(Records from a data collection)
____

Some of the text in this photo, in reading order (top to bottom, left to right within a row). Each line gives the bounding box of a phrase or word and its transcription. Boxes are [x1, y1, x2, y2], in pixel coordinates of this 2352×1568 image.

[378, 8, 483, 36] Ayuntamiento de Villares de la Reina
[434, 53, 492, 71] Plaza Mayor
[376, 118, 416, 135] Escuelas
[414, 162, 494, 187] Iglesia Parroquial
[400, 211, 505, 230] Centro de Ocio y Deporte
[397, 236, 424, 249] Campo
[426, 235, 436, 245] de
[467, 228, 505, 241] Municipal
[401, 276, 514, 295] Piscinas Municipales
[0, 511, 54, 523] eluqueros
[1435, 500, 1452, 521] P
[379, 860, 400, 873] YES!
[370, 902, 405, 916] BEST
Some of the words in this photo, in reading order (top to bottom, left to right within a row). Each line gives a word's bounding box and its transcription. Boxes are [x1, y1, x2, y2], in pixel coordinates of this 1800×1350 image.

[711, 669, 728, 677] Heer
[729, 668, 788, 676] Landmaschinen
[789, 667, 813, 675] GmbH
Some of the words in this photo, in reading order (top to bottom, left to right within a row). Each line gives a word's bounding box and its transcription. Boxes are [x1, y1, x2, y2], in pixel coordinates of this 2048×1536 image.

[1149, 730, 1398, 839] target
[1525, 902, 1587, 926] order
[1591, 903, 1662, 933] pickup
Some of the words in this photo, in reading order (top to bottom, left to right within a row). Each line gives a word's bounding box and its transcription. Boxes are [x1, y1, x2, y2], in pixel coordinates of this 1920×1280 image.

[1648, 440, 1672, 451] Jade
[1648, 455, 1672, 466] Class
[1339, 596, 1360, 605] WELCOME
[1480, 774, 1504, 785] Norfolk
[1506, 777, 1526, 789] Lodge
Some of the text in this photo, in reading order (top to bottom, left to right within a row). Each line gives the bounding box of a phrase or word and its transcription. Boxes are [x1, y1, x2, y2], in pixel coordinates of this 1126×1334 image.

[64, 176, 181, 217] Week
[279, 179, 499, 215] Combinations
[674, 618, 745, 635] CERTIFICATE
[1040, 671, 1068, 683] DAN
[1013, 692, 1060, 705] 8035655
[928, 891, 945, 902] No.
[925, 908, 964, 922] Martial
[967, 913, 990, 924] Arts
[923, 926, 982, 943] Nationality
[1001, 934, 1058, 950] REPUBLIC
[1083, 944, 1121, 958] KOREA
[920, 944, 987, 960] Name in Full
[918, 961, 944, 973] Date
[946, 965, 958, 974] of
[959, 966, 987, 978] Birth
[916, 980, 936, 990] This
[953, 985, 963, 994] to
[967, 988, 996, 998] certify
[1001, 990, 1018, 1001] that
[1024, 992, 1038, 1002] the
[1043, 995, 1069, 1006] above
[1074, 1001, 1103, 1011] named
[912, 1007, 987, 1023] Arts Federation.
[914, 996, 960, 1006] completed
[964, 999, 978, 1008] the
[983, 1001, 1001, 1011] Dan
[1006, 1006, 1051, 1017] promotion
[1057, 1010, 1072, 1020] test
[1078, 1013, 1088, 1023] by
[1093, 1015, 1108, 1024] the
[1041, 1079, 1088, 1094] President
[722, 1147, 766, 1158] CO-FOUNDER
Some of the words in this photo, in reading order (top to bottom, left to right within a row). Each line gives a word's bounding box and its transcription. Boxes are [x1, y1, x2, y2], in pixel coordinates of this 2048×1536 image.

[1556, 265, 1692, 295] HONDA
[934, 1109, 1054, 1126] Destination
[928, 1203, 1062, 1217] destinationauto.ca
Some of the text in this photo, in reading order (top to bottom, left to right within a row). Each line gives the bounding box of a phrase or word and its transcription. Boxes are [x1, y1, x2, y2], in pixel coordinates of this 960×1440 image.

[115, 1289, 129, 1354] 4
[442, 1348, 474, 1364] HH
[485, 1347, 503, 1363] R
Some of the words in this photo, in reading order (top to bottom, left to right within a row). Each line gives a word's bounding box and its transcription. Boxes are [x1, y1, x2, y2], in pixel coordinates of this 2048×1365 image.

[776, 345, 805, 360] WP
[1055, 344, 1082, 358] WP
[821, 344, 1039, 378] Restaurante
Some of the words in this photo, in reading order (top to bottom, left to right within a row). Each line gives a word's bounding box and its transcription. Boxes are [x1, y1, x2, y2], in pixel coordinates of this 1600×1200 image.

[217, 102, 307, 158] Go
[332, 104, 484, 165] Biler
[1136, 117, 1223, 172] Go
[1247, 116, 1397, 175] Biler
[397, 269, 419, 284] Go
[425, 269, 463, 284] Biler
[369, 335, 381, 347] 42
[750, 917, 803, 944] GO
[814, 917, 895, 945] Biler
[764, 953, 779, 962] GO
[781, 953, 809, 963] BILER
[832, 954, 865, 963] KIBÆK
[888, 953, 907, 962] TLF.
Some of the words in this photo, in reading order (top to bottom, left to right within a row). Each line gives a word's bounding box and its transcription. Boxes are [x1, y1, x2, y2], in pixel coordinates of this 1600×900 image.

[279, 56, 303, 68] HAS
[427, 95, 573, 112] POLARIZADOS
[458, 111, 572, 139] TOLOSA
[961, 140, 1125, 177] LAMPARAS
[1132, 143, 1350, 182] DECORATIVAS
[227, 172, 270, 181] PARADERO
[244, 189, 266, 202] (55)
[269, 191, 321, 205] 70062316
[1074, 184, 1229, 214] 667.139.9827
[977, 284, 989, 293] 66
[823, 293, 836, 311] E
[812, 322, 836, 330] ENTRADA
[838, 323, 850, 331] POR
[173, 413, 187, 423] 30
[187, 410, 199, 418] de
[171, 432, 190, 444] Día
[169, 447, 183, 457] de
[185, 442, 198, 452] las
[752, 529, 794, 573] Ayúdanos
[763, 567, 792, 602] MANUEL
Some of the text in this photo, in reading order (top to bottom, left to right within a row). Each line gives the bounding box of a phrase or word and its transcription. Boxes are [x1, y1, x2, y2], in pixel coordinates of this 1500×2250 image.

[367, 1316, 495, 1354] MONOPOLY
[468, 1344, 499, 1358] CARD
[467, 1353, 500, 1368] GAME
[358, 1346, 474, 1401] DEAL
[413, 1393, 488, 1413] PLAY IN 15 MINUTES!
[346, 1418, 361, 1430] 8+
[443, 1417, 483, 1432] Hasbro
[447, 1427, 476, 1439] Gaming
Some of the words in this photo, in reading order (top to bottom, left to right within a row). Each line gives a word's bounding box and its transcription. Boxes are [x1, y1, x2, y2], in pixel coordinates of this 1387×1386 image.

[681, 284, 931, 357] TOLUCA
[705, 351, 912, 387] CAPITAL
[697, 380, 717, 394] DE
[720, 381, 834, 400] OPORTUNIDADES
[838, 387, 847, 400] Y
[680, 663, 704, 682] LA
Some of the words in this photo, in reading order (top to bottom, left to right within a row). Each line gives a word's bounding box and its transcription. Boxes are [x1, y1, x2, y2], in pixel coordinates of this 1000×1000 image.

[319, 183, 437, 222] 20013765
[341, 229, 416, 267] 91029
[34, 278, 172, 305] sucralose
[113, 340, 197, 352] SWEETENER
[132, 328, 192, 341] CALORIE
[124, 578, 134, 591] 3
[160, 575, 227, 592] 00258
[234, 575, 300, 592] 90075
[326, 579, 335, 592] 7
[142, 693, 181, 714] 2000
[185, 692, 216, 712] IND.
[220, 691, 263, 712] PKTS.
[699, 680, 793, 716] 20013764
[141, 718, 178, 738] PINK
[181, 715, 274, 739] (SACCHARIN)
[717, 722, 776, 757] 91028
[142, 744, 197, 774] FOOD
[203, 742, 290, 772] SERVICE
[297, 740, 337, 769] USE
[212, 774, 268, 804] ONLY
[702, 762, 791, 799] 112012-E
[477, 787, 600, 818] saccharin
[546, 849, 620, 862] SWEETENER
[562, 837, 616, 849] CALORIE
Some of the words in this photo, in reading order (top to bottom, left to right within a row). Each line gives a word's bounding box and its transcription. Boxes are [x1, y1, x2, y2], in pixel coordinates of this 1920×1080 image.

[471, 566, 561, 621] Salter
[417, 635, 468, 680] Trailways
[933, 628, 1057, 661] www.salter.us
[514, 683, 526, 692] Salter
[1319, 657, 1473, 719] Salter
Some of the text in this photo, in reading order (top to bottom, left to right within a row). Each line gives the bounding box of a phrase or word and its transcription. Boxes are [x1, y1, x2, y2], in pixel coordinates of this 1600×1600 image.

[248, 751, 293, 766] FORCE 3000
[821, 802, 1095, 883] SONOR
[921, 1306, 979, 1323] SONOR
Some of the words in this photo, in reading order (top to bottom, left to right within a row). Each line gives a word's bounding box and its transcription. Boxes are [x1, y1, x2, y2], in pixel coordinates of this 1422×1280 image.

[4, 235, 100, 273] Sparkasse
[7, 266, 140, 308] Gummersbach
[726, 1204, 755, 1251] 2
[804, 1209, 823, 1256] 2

____

#### [Problem]
Keep only the lines from the line with "this 1422×1280 image." to the end of the records above, and repeat them exactly.

#### [Expected answer]
Some of the words in this photo, in reading order (top to bottom, left to right within a row). Each line gives a word's bounding box and its transcription. Boxes are [x1, y1, x2, y2], in pixel coordinates of this 1422×1280 image.

[4, 235, 100, 273] Sparkasse
[7, 266, 140, 308] Gummersbach
[726, 1204, 755, 1251] 2
[804, 1209, 823, 1256] 2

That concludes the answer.